Decision science and forecasting: Kahneman, Tetlock, Annie Duke, calibration and pre-mortem methods
Risk and the unknown: Taleb on fat tails and unknown unknowns
Strategy and positioning: Rumelt, Thiel, Christensen, Playing to Win, Obviously Awesome
Systems and causality: Meadows on leverage points, Pearl on cause and effect
Multidisciplinary mental models: Munger’s latticework
Power and human behavior: Machiavelli, Le Bon, the Elephant in the Brain, signaling and self-deception
Execution under pressure: Goldratt, Horowitz, the Stoics

The orchestration makes the agents argue. This library is what they argue from.

04. Anonymization

Before any review happens, each advisor is randomly mapped to a letter from A to E, and the mapping plus the full responses are written to disk immediately. Writing the mapping down before review is a safeguard against a long session losing or confusing which response came from which lens.

The lens label is then stripped from each response before the reviewers see it. If a reviewer could see that response C came from the failure-analysis pass, the label would tell it what to conclude before it read a word. Removing it forces the reviewers to judge the argument on its content, not its origin.

Strip the label, and a reviewer has to judge the argument rather than its source.

05. The Five Reviewers

Multi-agent review has an obvious failure mode. Point one model at another model’s output and ask whether it is correct, and it tends to affirm what it reads, because nothing in the setup pushes against it. The council’s review is built to push the other way.

Let one model check another’s work and you have not automated verification, you have automated agreement.

Five peer reviewers then work over the anonymized set, each with its own job, so the critique is as structured as the analysis it examines.

Reviewer	Lens
Convergence	Finds the agreement across responses that is more than surface overlap.
Gap Finder	Identifies what every response missed.
Skeptic	Argues against the strongest response.
Devil’s Advocate	Defends the weakest or most unpopular response.
Integrator	Finds where separate responses combine into something better.

The skeptic and the devil’s advocate are the load-bearing pair. One attacks the answer most likely to be accepted on reflex, and the other rescues the answer most likely to be dismissed, so neither the popular choice nor the unpopular one escapes a fair test.

06. The Two Gates

Two audit points let the pipeline stop itself rather than carry a weak result all the way to the end.

The first gate runs after the advisors and before review.
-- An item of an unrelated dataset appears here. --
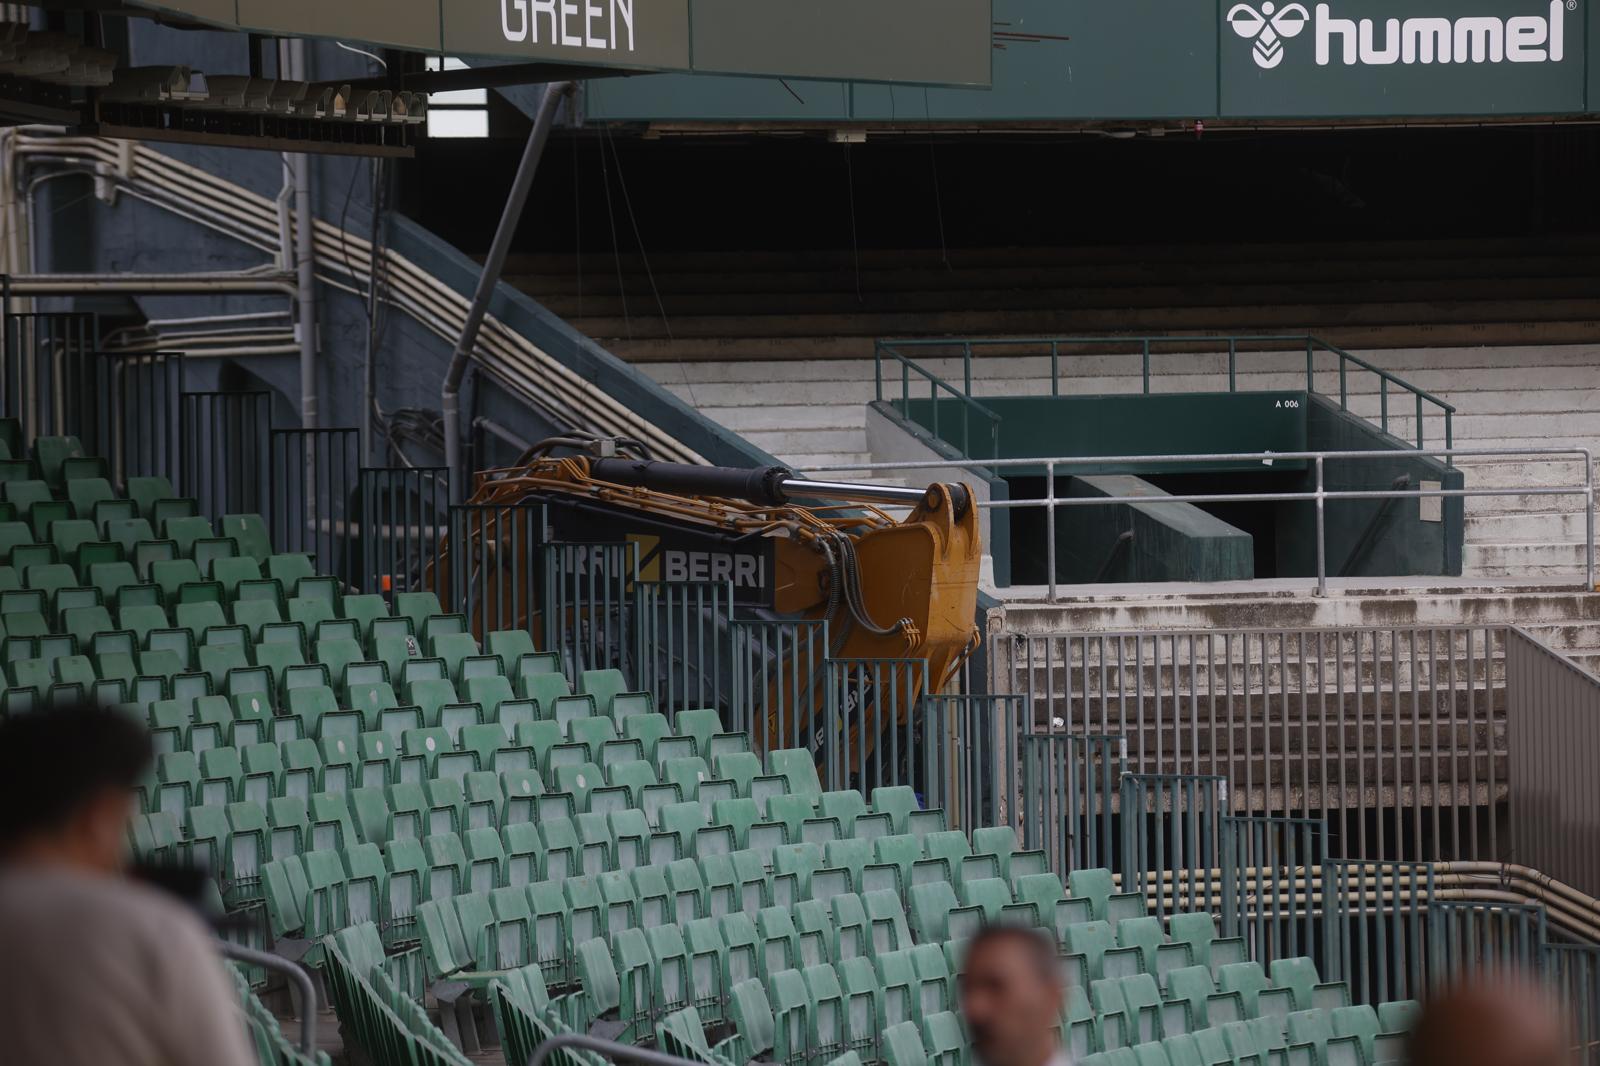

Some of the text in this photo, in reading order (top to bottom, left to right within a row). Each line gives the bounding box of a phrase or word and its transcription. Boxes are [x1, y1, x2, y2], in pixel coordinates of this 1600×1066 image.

It checks each response for whether it committed to its lens and said something specific, and a failure surfaces to the user before the council spends five more agent calls reviewing thin material. The second gate runs after synthesis and before the report is written. It independently checks that the verdict represents the inputs rather than quietly favoring one pass, and a failure sends the synthesis back once with specific corrections.

Both gates are cheap relative to what they protect. Catching an off-angle advisor early, or a synthesis that overweights one voice, saves the whole run from producing a confident verdict built on a weak foundation.

07. The Verdict

The chairman synthesizes the verdict starting from the strongest disagreement rather than the easy consensus, on the principle that the place the analysis clashes is where the real decision lives. The output is fixed and identical in shape every run, which is what makes it usable under pressure.
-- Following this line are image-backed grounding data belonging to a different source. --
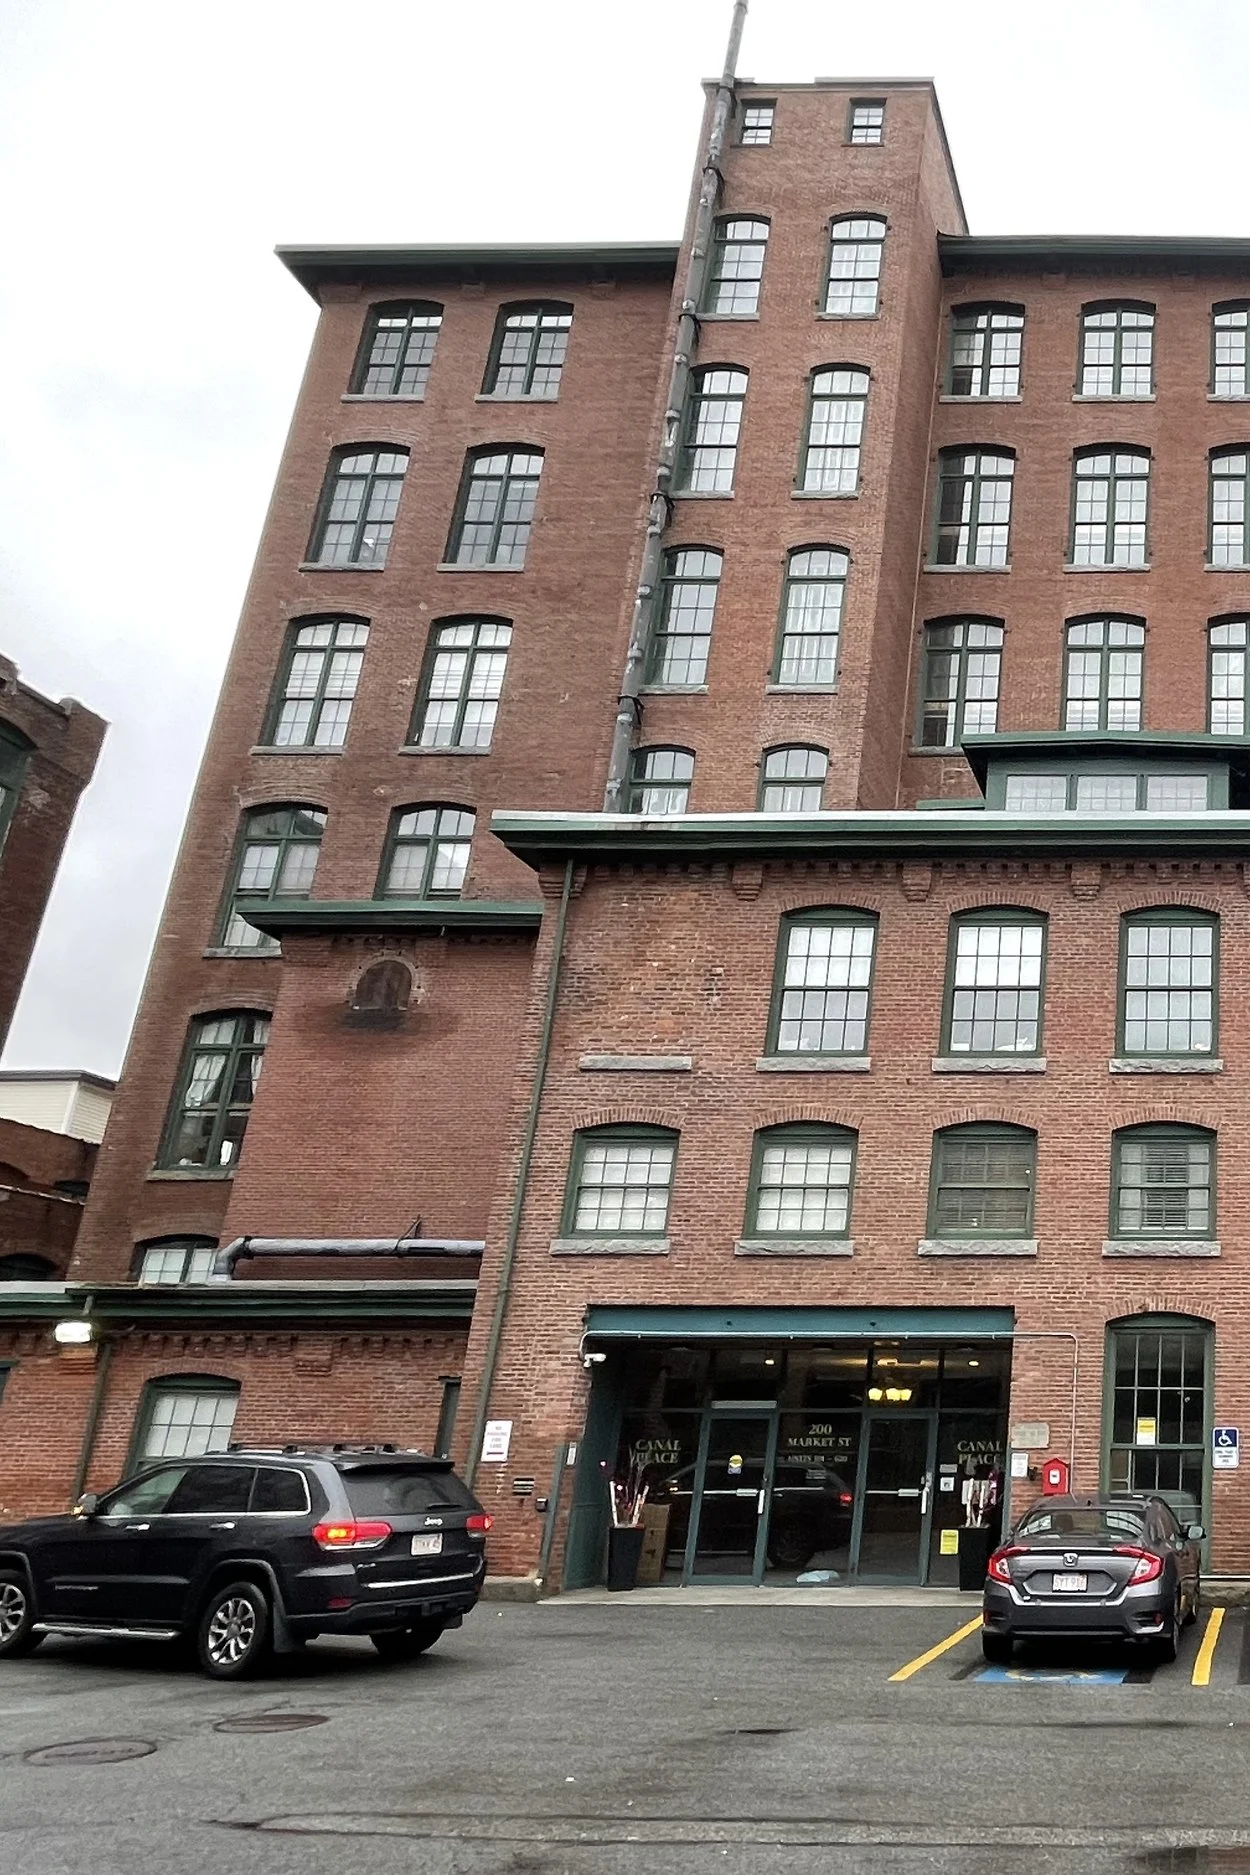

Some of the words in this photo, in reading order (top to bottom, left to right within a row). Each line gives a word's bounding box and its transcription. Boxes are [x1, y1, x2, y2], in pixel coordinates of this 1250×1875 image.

[809, 1424, 832, 1435] 200
[635, 1439, 681, 1450] CANAL
[788, 1437, 835, 1447] MARKET
[838, 1437, 851, 1447] ST
[957, 1440, 1002, 1452] CANAL
Where the passes agree, the convergence that is more than surface overlap
Where they clash, the real tradeoff the decision turns on
Blind spots, what every angle missed
Recommendation, the defensible call
One thing first, the single next action

Every run produces two artifacts: a self-contained HTML report for reading, and a full markdown transcript that preserves the anonymization mapping, all five analyses, all five reviews, the synthesis, and the audit result. The recommendation is not a black box. The entire reasoning path that produced it stays on the record, which is the difference between a verdict you can interrogate and an answer you have to take on faith.

A single model gives you an answer. The council gives you a recommendation you can interrogate.